#### [TASK DIRECTIONS]
All the data should be transcribed exactly, with every line kept.

Segment Start: RECORDS FOR THE TASK

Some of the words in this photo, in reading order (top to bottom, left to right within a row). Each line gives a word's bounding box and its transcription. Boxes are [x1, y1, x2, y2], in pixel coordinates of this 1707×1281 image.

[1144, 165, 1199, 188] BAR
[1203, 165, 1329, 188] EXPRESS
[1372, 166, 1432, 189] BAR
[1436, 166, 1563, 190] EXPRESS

Segment End: RECORDS FOR THE TASK

#### [WORKED SOLUTION]
Some of the words in this photo, in reading order (top to bottom, left to right within a row). Each line gives a word's bounding box and its transcription. Boxes are [x1, y1, x2, y2], in pixel coordinates of this 1707×1281 image.

[1144, 165, 1199, 188] BAR
[1203, 165, 1329, 188] EXPRESS
[1372, 166, 1432, 189] BAR
[1436, 166, 1563, 190] EXPRESS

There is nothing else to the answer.